Want to run a mixed model but don’t know which of your variables to have as fixed effects and which as random effects? Follow my simple guide for deciding if it will be a fixed or random effect below! There will be exceptions, but after all, Biology is the science of exceptions…
geese live in social groups, except if you’re a fox
You have some data (whoop!). Your response is a continuous variable (e.g. body size, number of offspring) or binary (survived or not). You have a bunch of variables that you want to include, some of which are continuous, some are categorical. You are happy with using a general linear model, but perhaps it should be a mixed model. That means that some of the variables are fixed effects, some are random effects. Lets assume you know this, but your statistical knowledge starts petering out here. Which of those variables are fixed effects, and which are random?
Just follow this simple two-step guide:
For each predictor variable:
- Is your variable a) categorical or b) continuous?
If a), proceed to 2. If b) Fixed effect
- Do you want to know a) general effect of the factor on the population b) about specific differences among levels of the factor?
If a), Random effect, if b), Fixed effect
How did we arrive at these decisions?
The first comes from the fact that a random effect uses 1 degree of freedom in a model, but only gives you an estimate of variance accounted for by that effect.
For fcontinuous fixed effects, the model is already estimating the intercept/population mean, so estimating a slope (effect of a continuous variable on another variable) only uses 1 degree of freedom as well.

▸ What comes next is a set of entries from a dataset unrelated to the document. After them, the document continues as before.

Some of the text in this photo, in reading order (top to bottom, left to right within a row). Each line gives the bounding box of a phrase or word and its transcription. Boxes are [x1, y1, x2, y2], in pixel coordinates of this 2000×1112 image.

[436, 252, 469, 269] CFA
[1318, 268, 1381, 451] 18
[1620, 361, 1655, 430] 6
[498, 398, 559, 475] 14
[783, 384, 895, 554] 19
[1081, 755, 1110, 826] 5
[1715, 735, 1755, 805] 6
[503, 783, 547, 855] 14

The slope however gives you information on the direction of the relationship as well as the strength. So if you have a continuous variable, it may as well always be a fixed effect1.
For the second, again the fact that a random effect only gives you a measure of variance is key. There is no information about whether being in group A, B or C results in higher or lower values of the response. That can only be got at by having the variable as a fixed effect. If A, B and C are very different from each other you will find a large amount of variance is accounted for by the random effect, but you will still not know which results in high scores and which low scores2.

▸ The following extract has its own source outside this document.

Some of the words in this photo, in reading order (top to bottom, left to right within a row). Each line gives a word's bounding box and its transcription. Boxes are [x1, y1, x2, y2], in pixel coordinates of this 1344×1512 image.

You use a fixed effect if you wish to know about the levels of the effect, you use a random effect if you only are interested in the effect on the population at large.
Of course there can be exceptions. Lets say you are analysing the effect of height on school childrens’ test scores. You also have the categorical variable of the school a child went to. You know that school will have an effect on the population, so it is necessary to include in the model, probably as a random effect. However, if your categorical variable has few levels (2-4) and you have a large data set (100s of points) and you are not fitting many other variables, then you will have a very large number of degrees of freedom to play with. In which case, you can fit the variable as a fixed effect and gain the information about the different levels i.e. which school leads to better test scores. So although your focus was not which schools give higher scoring children, if you have the degrees of freedom spare you can gain the result for free by fitting school as a fixed rather than random effect. This will then limit your inference to only those schools however. A benefit of random effects is that they assume the categories in the analysis are only a subset of all possible categories in the population (more precisely, a random sample of categories where the effect sizes across all categories in a population follows a normal distribution). So it depends on the question. Do you care about the schools, or the whole population of children?
The answer is probably both. Go get more data.
data collection: like a large pink pavement
- A slight caveat is if you have a continuous variable that represents a relationship between two data points e.g. degree of relatedness, or distance in space, rather than a score on a scale. In this case, you can use this variable as a random effect by creating a variance-covariance matrix of all the pairwise relationships. But this is not the time or place to go into that.
- Actually, R packages such as lme4 and MCMCglmm for mixed modelling will spit out the estimated mean effect for each level of a random effect. So in that way perhaps you can have your cake and eat it. But statistical testing those values will likely be dubious.